Local artist Judy Bowman rekindled her passion for the arts and creates pieces that speak to, and about, the Black community.
Photo courtesy of Judy Bowman
She turned 78 when she recently released her new EP, “Let There Be Love,” this past April.
Detroit native Freda Payne’s five-song EP features jazz, sass and a whole lot of love and soul as she delivers her songs to those whose ears are itching to hear something new with a touch of classic old-school vibes.
In 1970, the singer’s hit song, “Band of Gold,” came out – now over 50 years later, her new album is something worth celebrating, too.
Her new album includes a 30-piece orchestra, duets and arranged jazz standards from the American Songbook.
“Jazz is in my soul,” Payne said on abc7.com. “I can say it’s in my soul and in my bones. I can do R&B. I can do pop. I don’t know about the rap.”
Payne is a classic example of it’s never too late to get back at it – whatever “it” is.
“It” for Ava DuVernay was entering into the film industry and directing her first film, “Selma,” in 2014 at the age of 42.
For famed author Toni Morrison, a professor Emeritus at Princeton University, “it” was publishing her first novel when she turned 39. She also won a Nobel Prize and Pulitzer for her book “Beloved” when she was in her 50s.
And for Judy Bowman, 69, of Romulus, mother of 10, “it” was restarting her art career after she put it on hold to raise her family.
“When I retired from education I said, ‘Let me go back to my art,’” she said, adding that six years prior she lost contact with the art world, but that all changed when she started doing different shows and reconnecting with her creative peers.
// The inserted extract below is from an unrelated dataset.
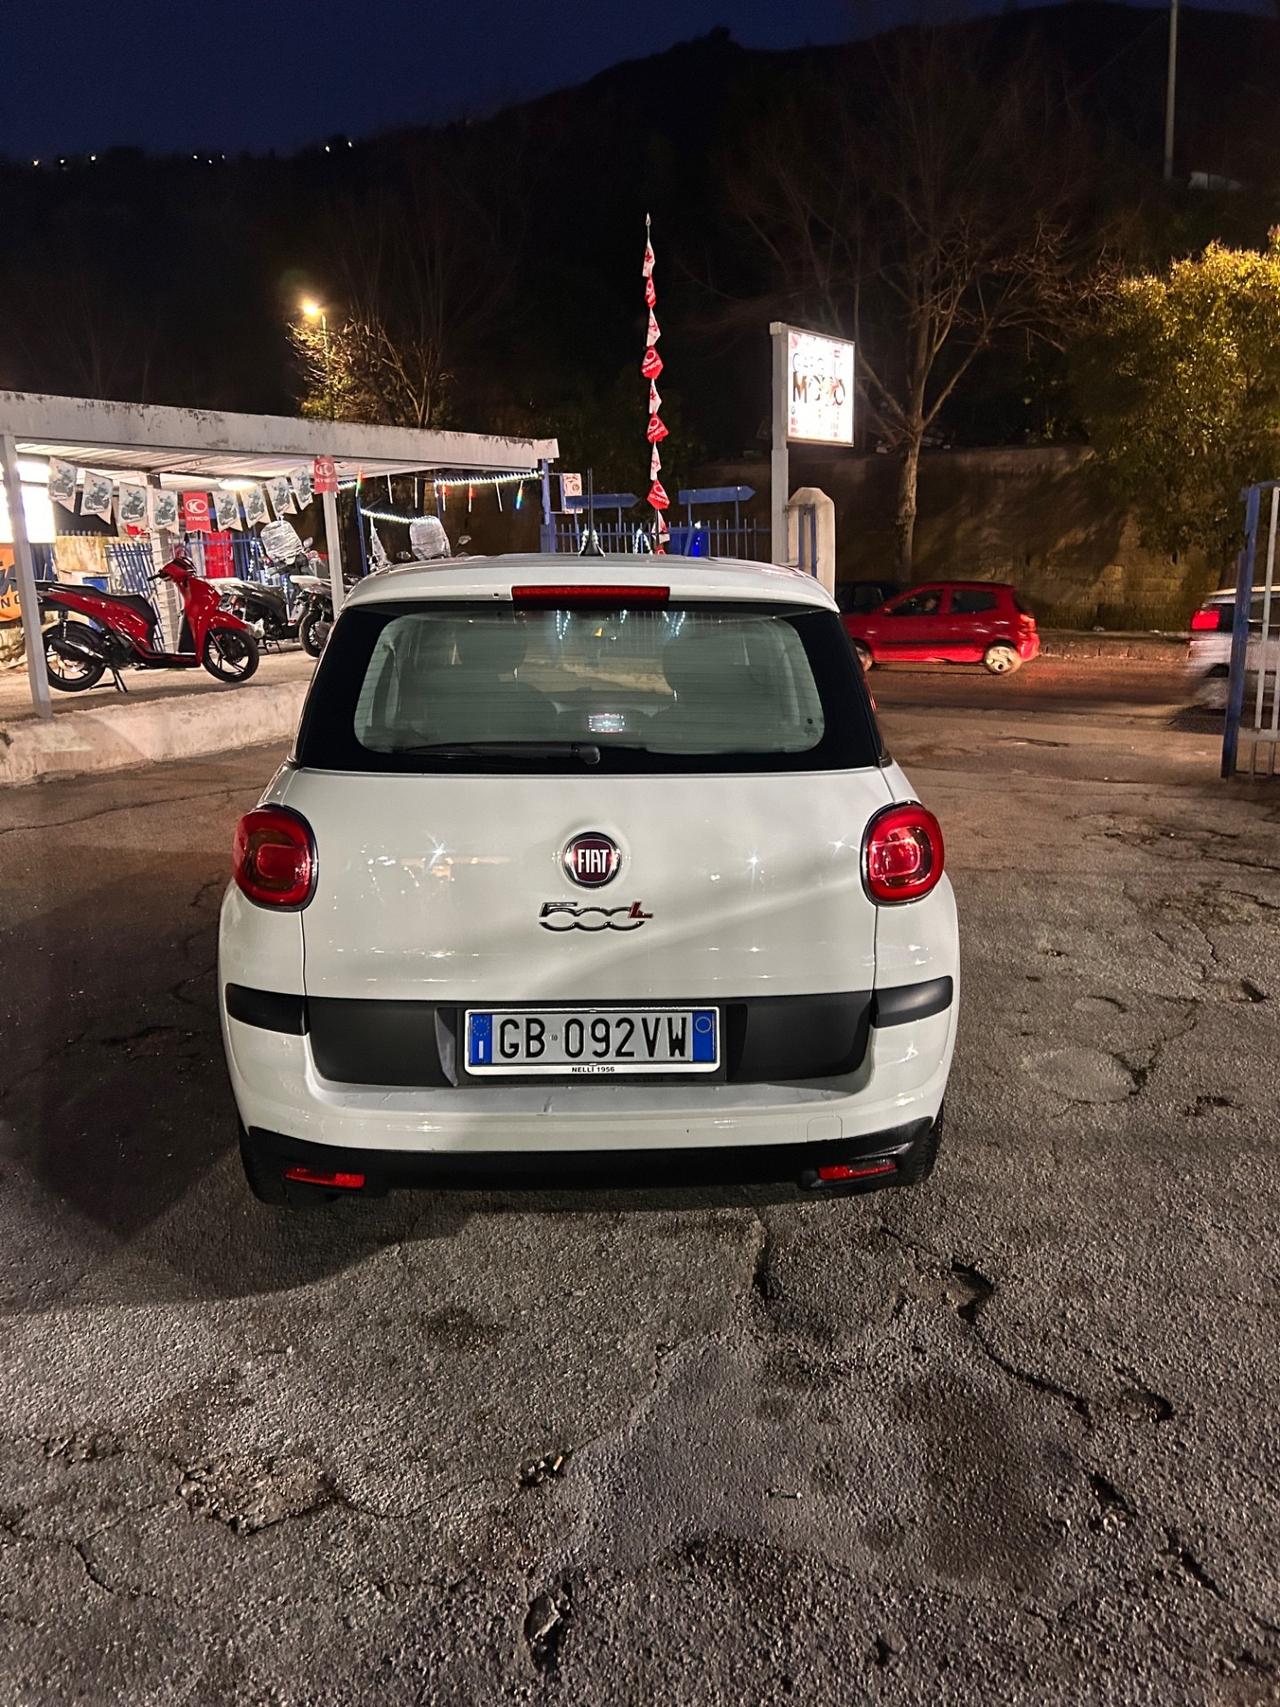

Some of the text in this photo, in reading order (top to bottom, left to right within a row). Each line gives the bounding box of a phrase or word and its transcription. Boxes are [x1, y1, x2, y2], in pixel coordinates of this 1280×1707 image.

“Here I am six years later, and I won a lot of national awards — gotten a lot of recognition,” Bowman said, adding that her journey back to the familiar happened “really fast.”
Bowman added that art is something she has always loved doing and if anyone has a gift or talent or desire to work their craft, they should pursue it no matter the obstacle.
“It is never too late,” Bowman said. “You can always go back to it because I believe it is a gift from God. He wouldn’t give you a gift for you to waste.”
Her talent speaks for itself with her paintings peering into the depths of the Black community, daily life and culture.
Bowman calls herself a “visual grio” and takes it as a personal responsibility to tell the stories of how she sees the community.
“How I see Black people,” she said, adding that so many times they’ve been marginalized and demonized.
Bowman, who grew up on the eastside, said that she was raised in a society that looked a lot different than today.
“Everybody was there … everybody was home,” she said. “The father went to work and the mother stayed home and took care of kids. We always had food, was always clean — education was pushed,” she said, adding that when people graduated from high school they went to college. “It was nothing like the way it seems like the mainstream people want to see Black people. We had pride.”
Bowman said that she captures that essence and more in her work which she says is relatable to everyone, even white people.
“It’s revealing — we do the same thing — we’re the same. We’re all humans,” Bowman said, adding that finding her footing in the art world helped her rekindling journey. “I’m just feeling so blessed that I got a chance to use it and do good with it and make people come together. Find some people … who are going to help you fulfill your visions, your dream, your passion.”